* _RECORD EXTRACTS_:
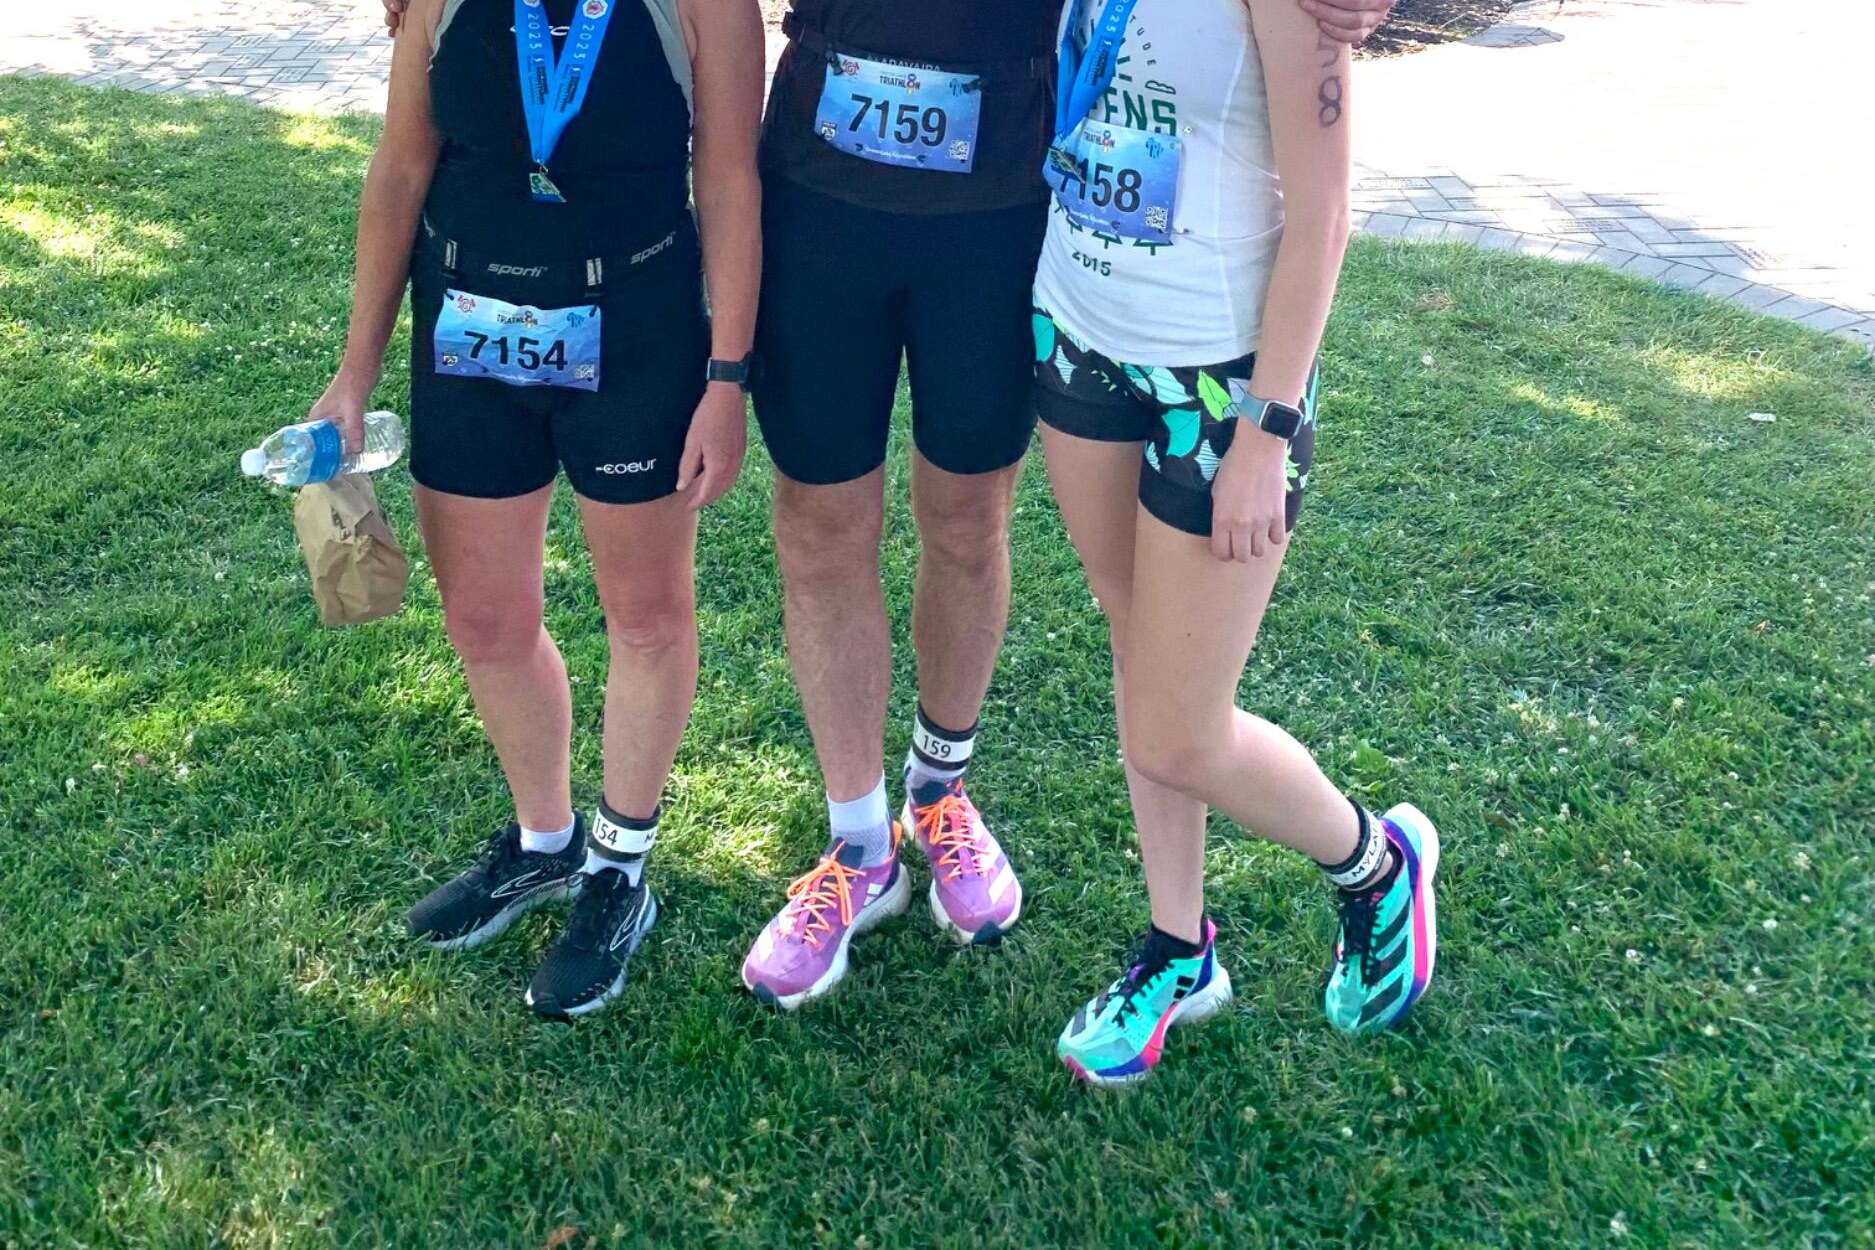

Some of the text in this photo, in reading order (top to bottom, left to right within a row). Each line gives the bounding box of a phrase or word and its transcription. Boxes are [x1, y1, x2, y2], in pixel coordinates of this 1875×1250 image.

[849, 93, 947, 147] 7159
[487, 263, 543, 278] sporti
[1072, 251, 1112, 277] 2015
[464, 330, 568, 371] 7154
[923, 734, 951, 758] 159
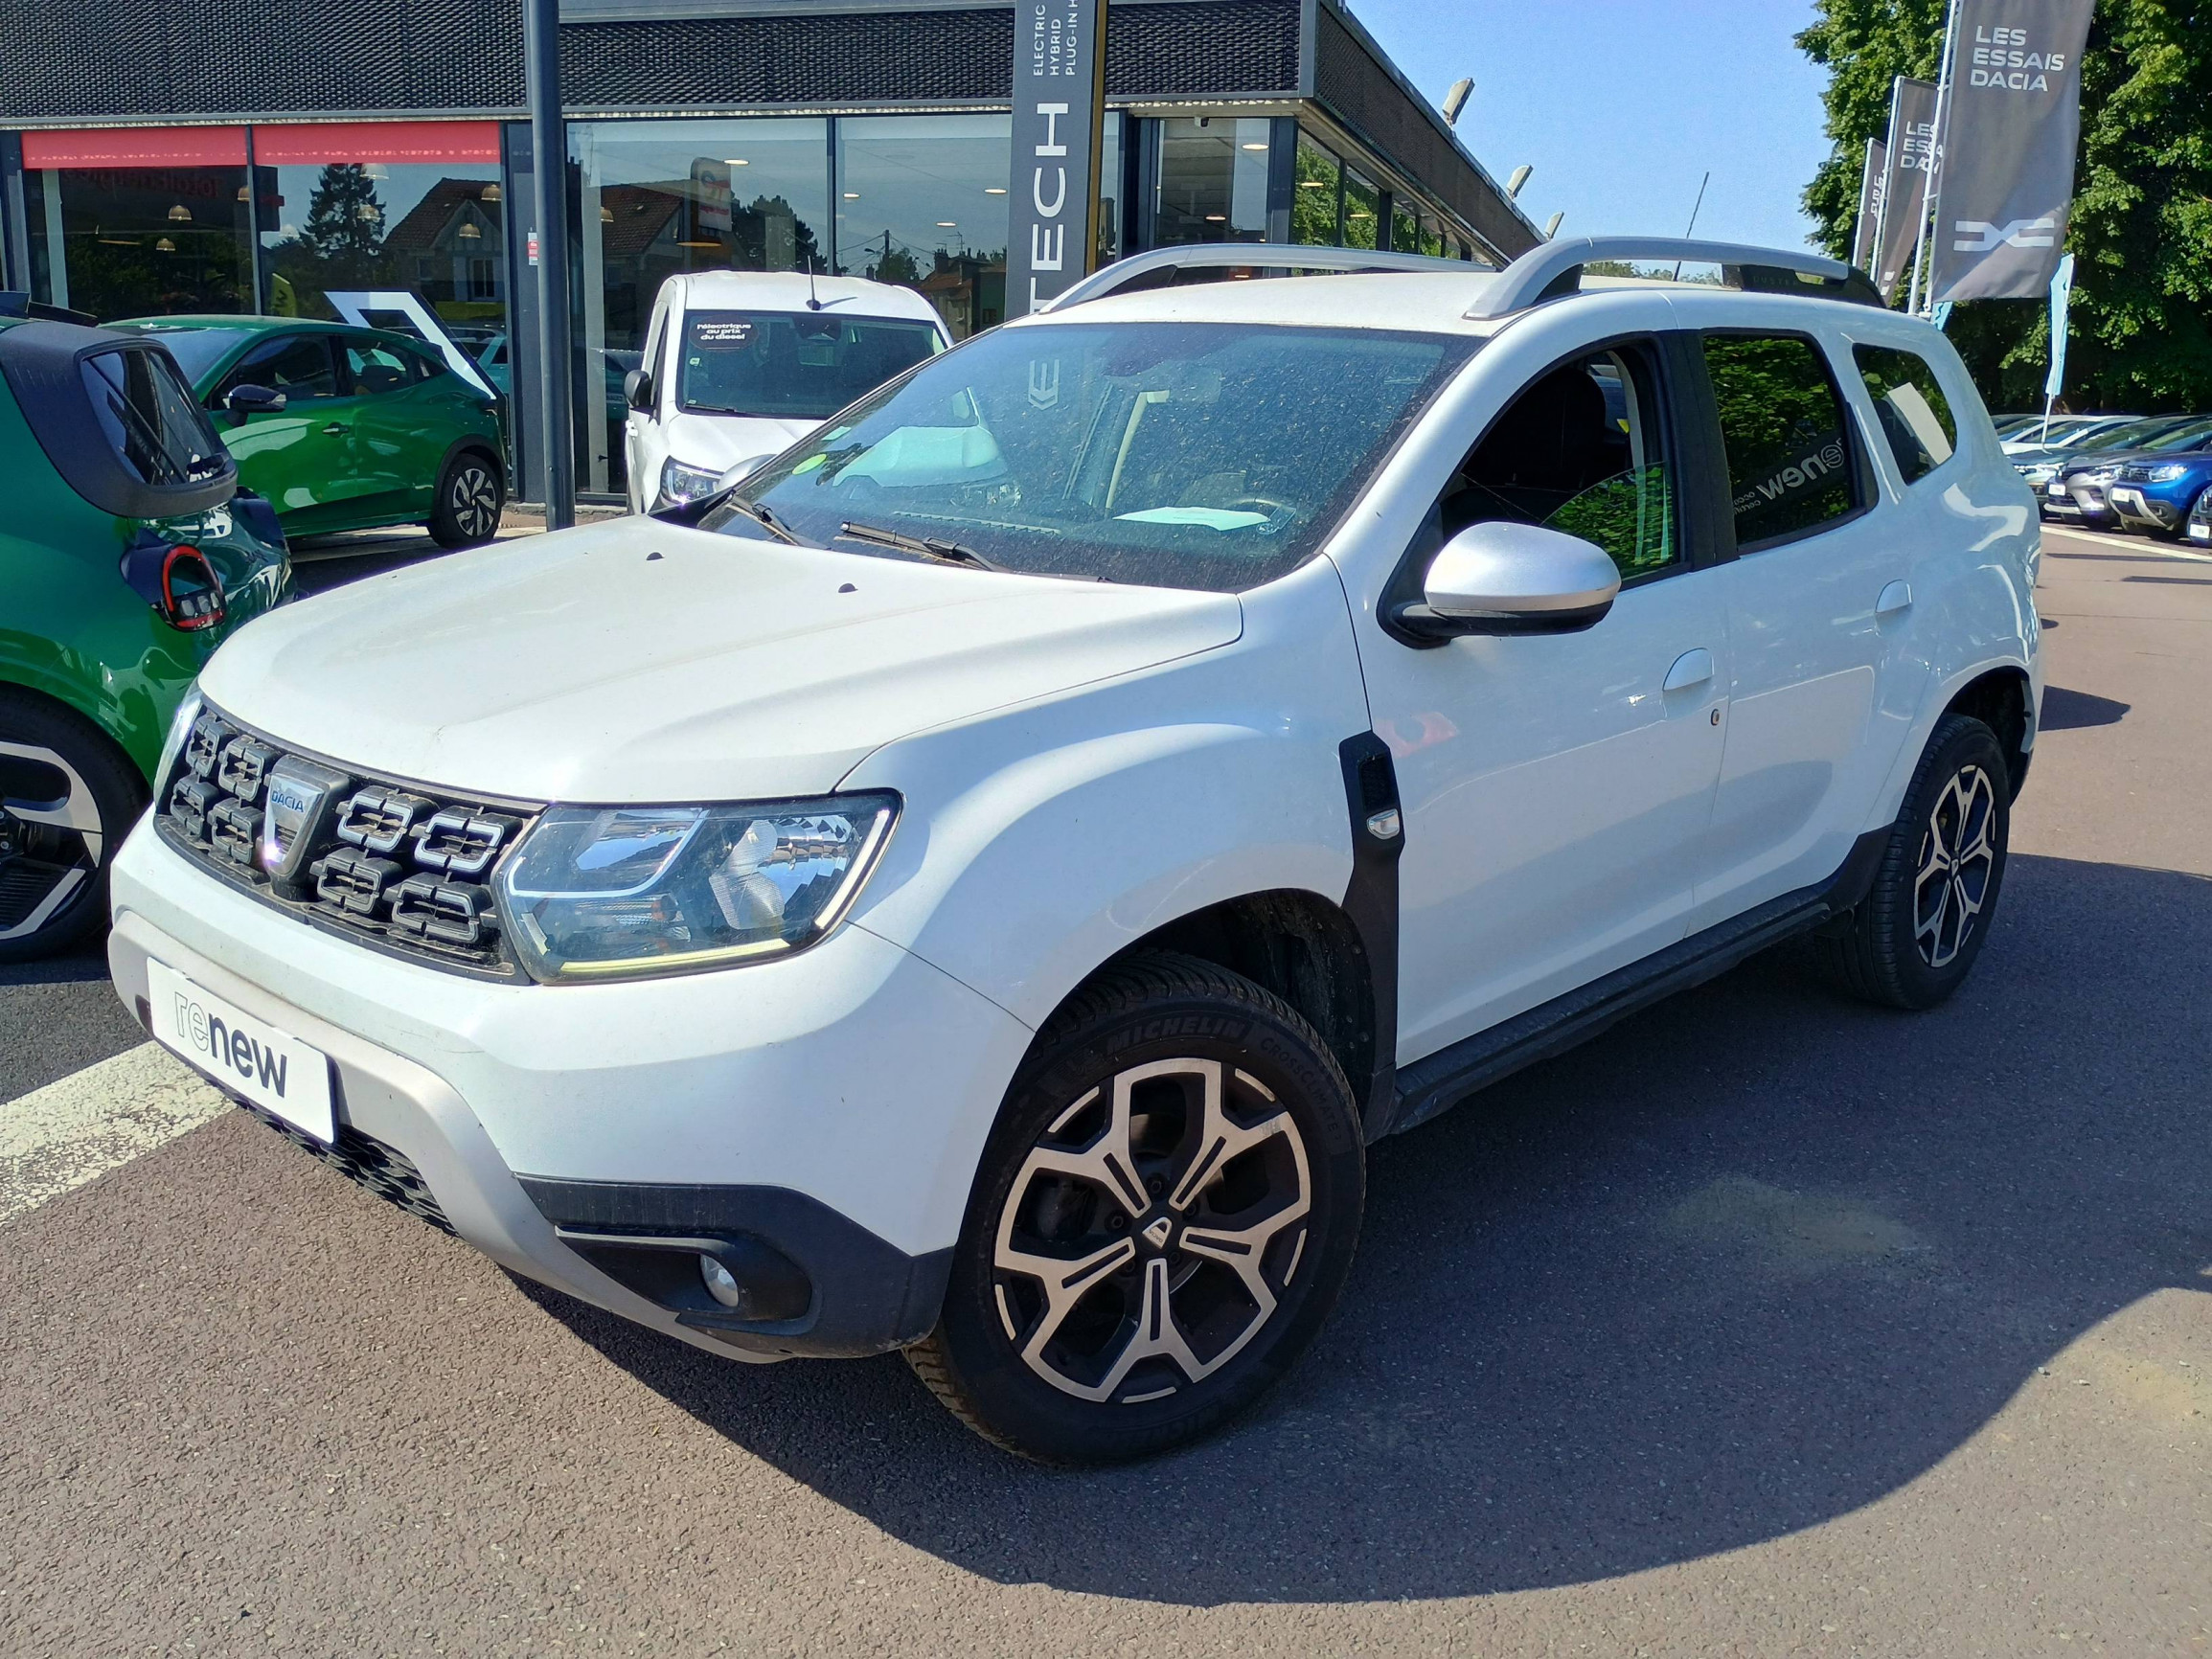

* _EXERCISE DIRECTIONS_:
Copy out the entries above in full and exactly, skipping every picture.

* _TASK RESULT_:
Some of the text in this photo, in reading order (top to bottom, left to right within a row). Each line gives the bounding box of a phrase or word and its transcription. Boxes are [x1, y1, x2, y2], in pixel coordinates of this 1875×1250 image.

[849, 93, 947, 147] 7159
[487, 263, 543, 278] sporti
[1072, 251, 1112, 277] 2015
[464, 330, 568, 371] 7154
[923, 734, 951, 758] 159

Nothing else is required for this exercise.